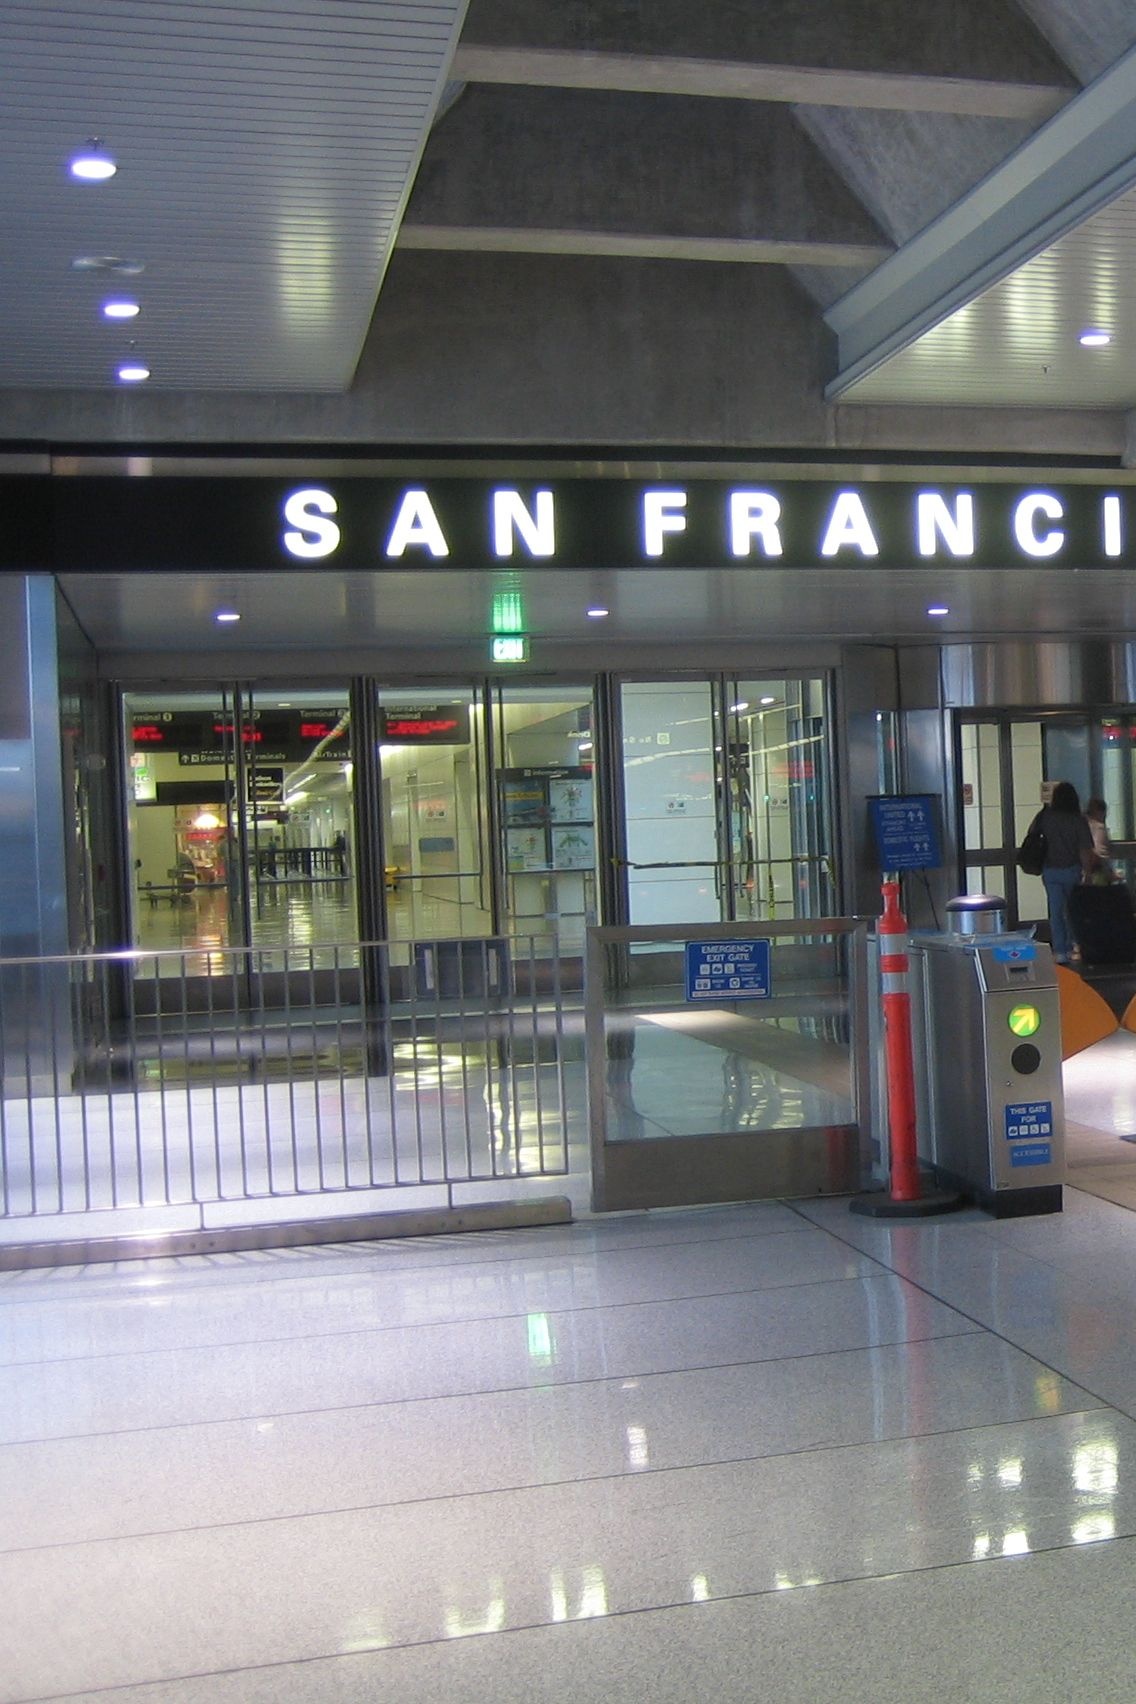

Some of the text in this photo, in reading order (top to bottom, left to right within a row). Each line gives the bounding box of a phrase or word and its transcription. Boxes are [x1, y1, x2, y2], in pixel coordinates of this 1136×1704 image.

[283, 489, 556, 558] SAN
[701, 944, 754, 954] EMERGENCY
[706, 953, 750, 962] EXIT GATE
[1010, 1105, 1047, 1115] THIS GATE
[1021, 1115, 1037, 1123] FOR
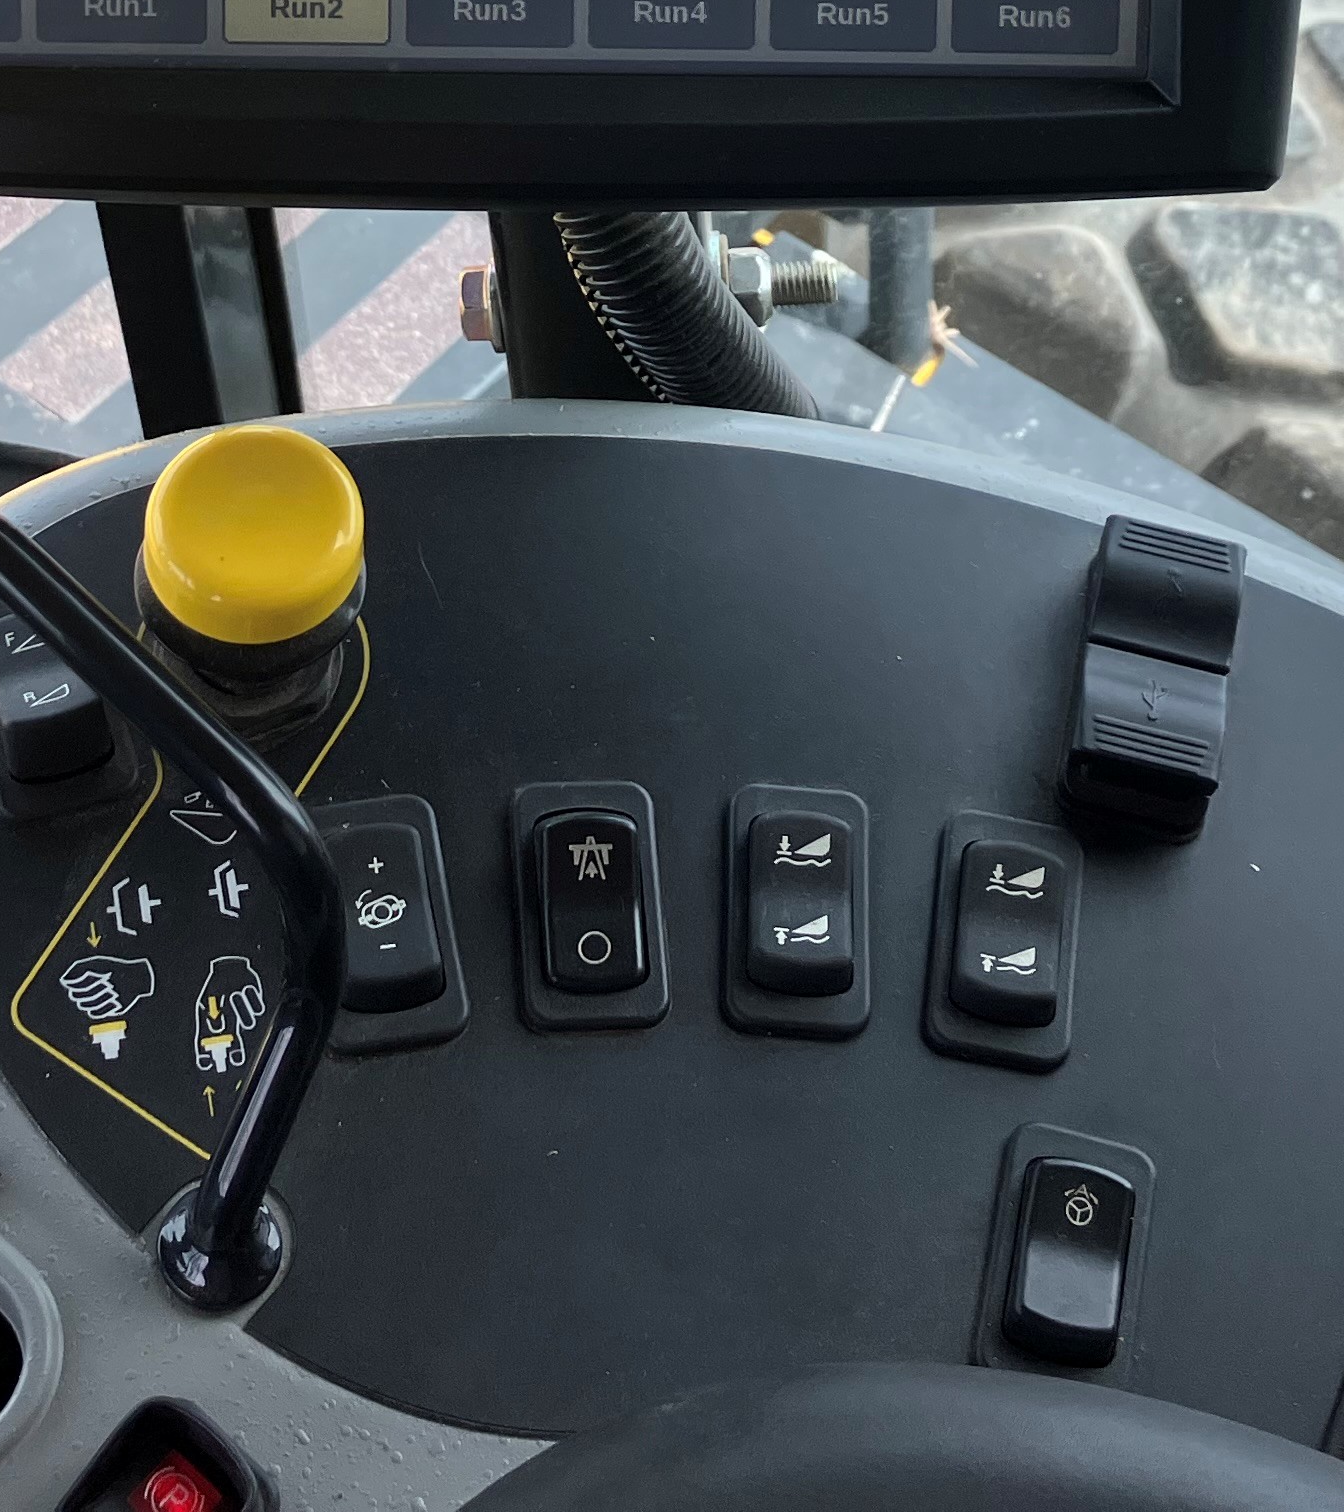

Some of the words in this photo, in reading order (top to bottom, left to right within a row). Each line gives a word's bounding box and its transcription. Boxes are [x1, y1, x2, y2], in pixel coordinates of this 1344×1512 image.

[632, 0, 708, 25] Run4
[816, 2, 890, 27] Run5
[998, 4, 1072, 29] Run6

|---|

▶ **WHAT THE TASK REQUIRES**:
Please repeat the line that contains "Some of the words" and every line after it through the end of the material above, exactly and with nothing added.

▶ **COMPLETED EXERCISE**:
Some of the words in this photo, in reading order (top to bottom, left to right within a row). Each line gives a word's bounding box and its transcription. Boxes are [x1, y1, x2, y2], in pixel coordinates of this 1344×1512 image.

[632, 0, 708, 25] Run4
[816, 2, 890, 27] Run5
[998, 4, 1072, 29] Run6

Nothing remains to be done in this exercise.